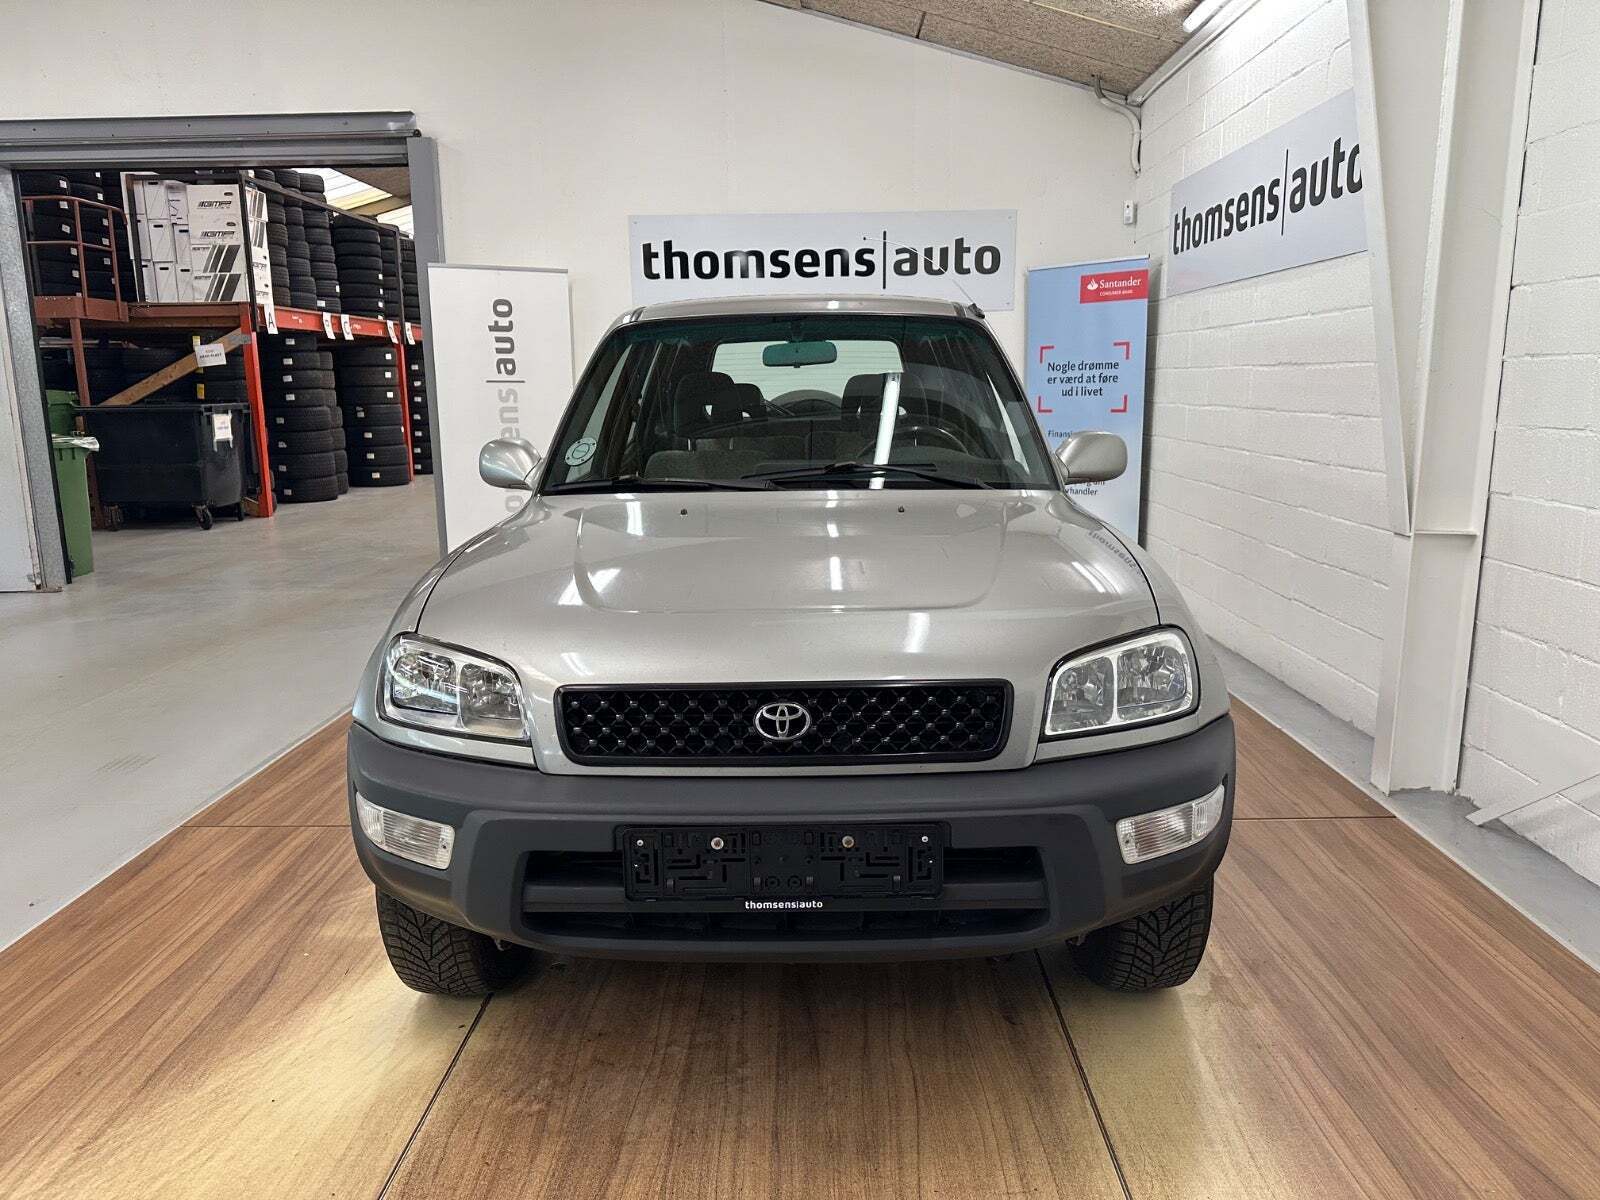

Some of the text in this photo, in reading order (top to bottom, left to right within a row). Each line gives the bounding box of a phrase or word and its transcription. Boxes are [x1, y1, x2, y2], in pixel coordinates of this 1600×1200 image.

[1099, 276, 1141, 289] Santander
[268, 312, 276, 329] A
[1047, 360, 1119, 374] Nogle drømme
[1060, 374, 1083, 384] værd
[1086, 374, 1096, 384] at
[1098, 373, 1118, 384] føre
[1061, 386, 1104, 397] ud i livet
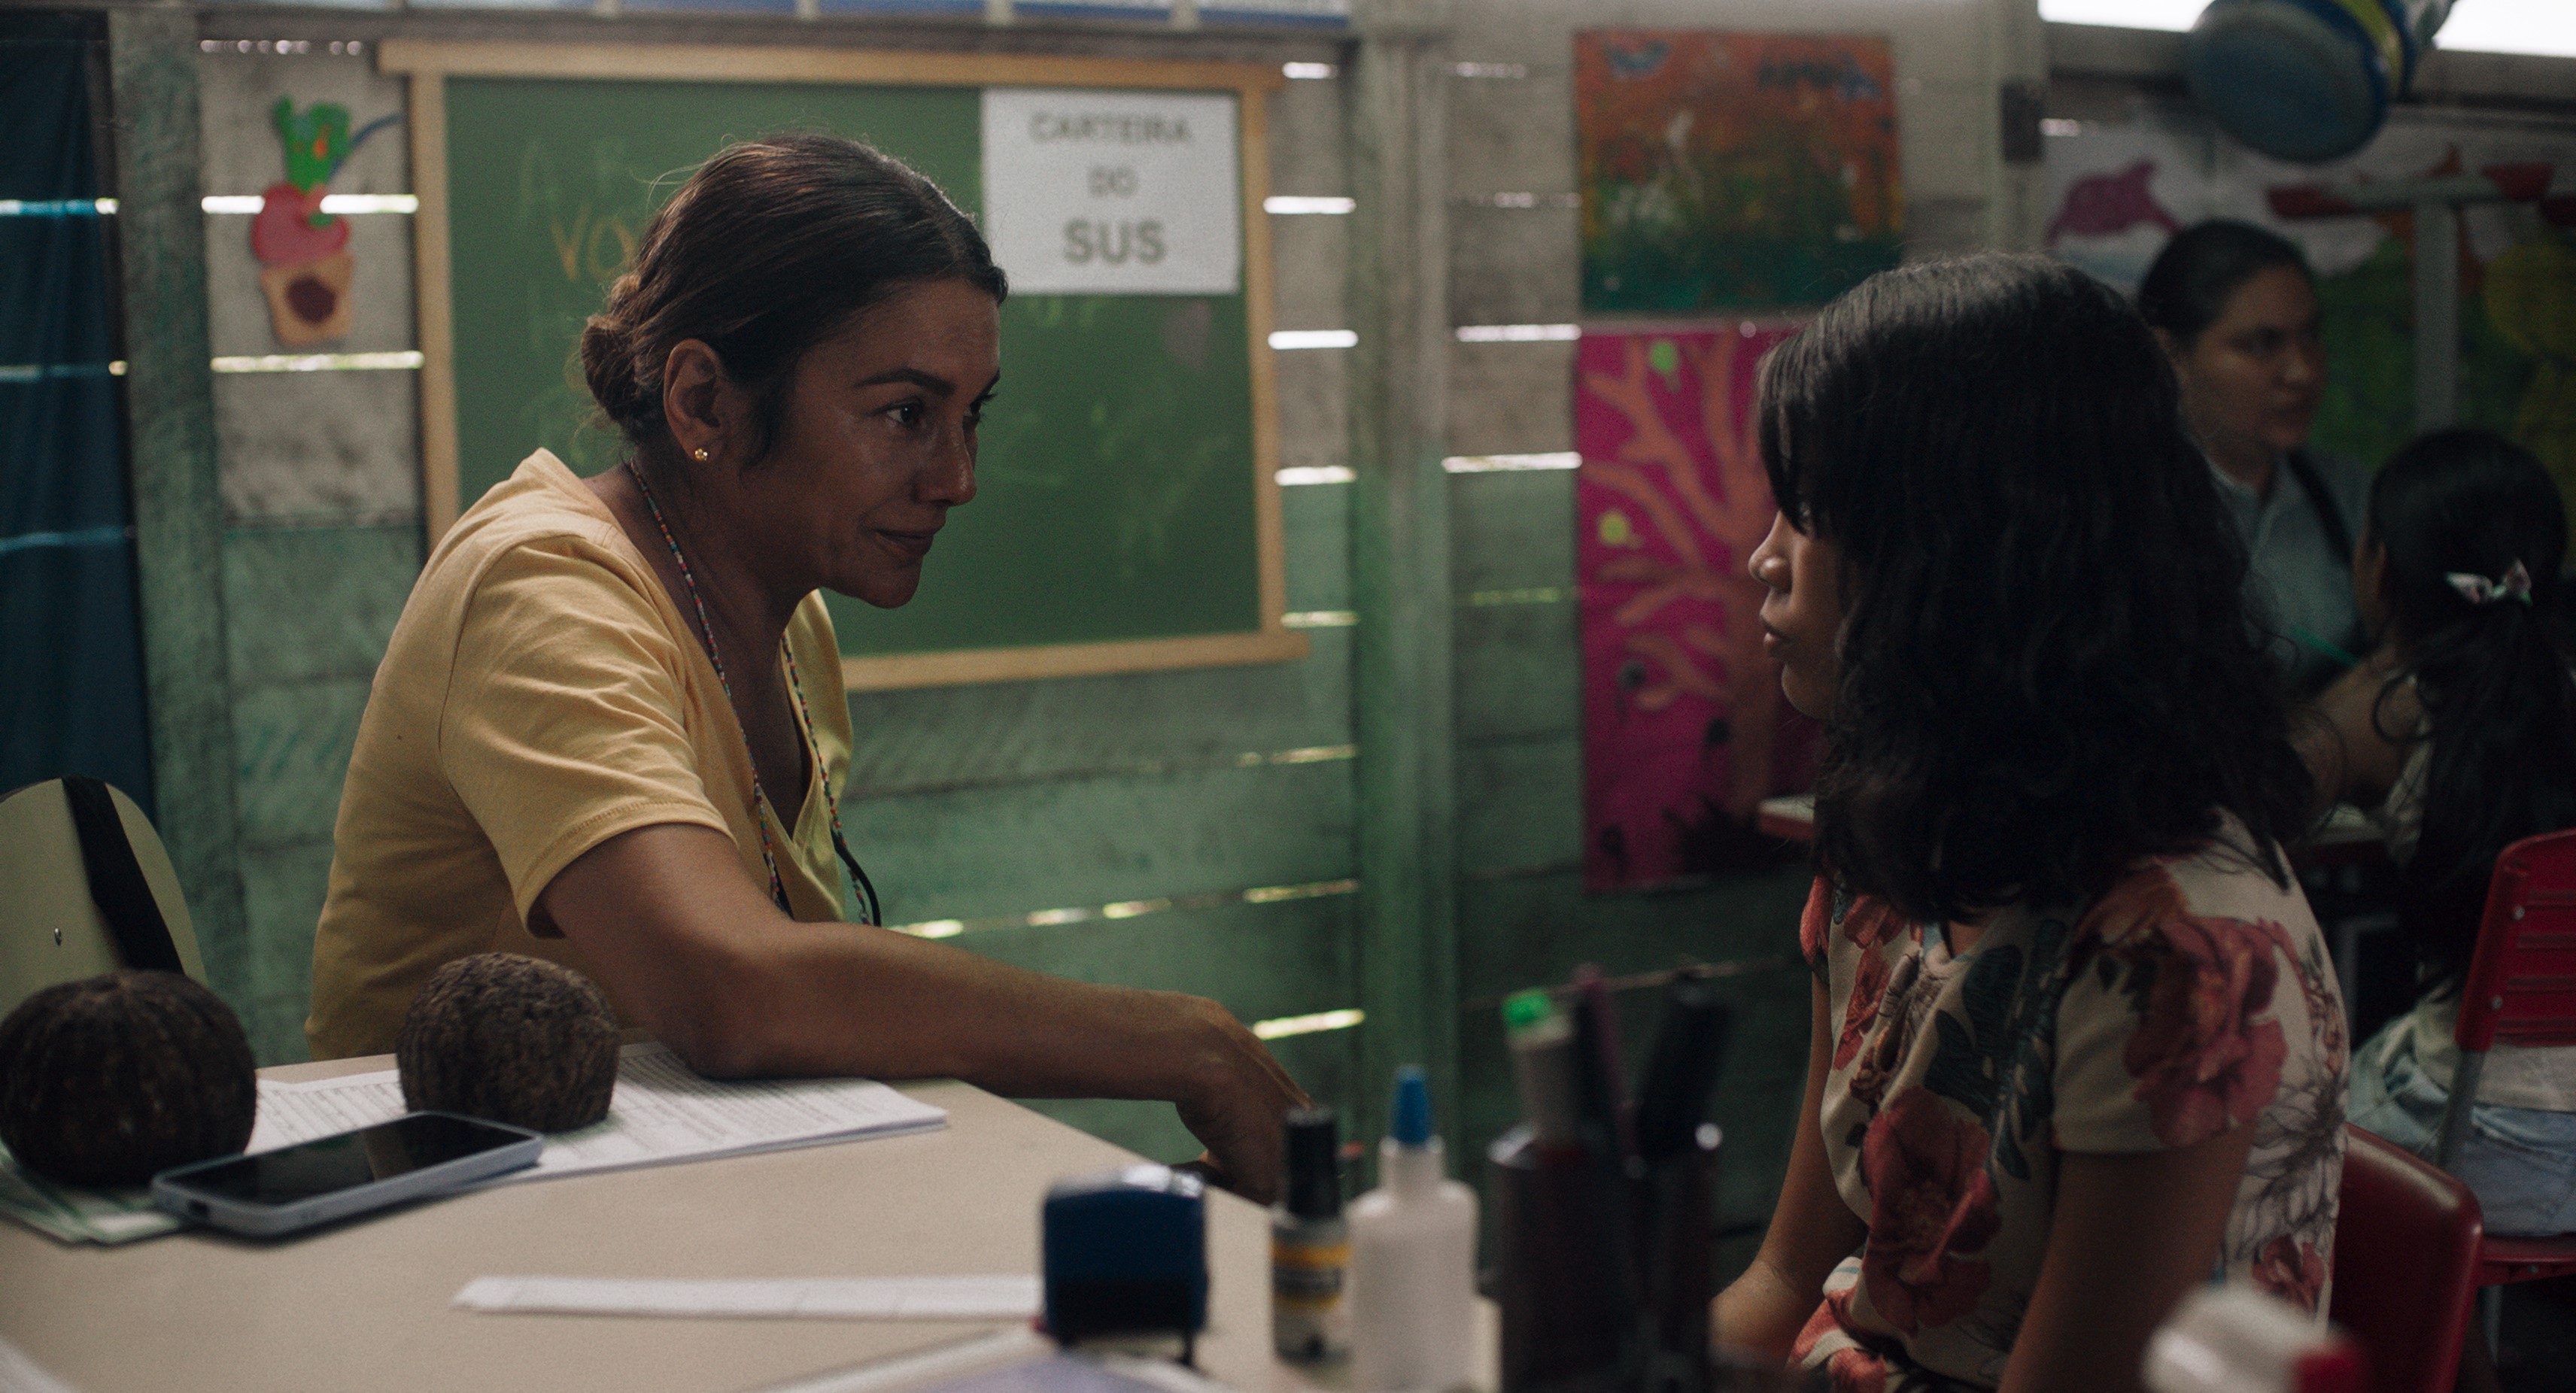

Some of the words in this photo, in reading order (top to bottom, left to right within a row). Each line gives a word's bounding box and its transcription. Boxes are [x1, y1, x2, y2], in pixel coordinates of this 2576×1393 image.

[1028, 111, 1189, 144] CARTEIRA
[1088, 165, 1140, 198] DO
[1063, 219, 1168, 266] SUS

THE TASK » All of the records above should be returned exactly, though the pictures should not.

ANSWER AREA »
Some of the text in this photo, in reading order (top to bottom, left to right within a row). Each line gives the bounding box of a phrase or word and its transcription. Boxes are [x1, y1, x2, y2], in pixel coordinates of this 1600×1200 image.

[1099, 276, 1141, 289] Santander
[268, 312, 276, 329] A
[1047, 360, 1119, 374] Nogle drømme
[1060, 374, 1083, 384] værd
[1086, 374, 1096, 384] at
[1098, 373, 1118, 384] føre
[1061, 386, 1104, 397] ud i livet

Some of the words in this photo, in reading order (top to bottom, left to right within a row). Each line gives a word's bounding box and its transcription. Boxes are [x1, y1, x2, y2], in pixel coordinates of this 2576×1393 image.

[1028, 111, 1189, 144] CARTEIRA
[1088, 165, 1140, 198] DO
[1063, 219, 1168, 266] SUS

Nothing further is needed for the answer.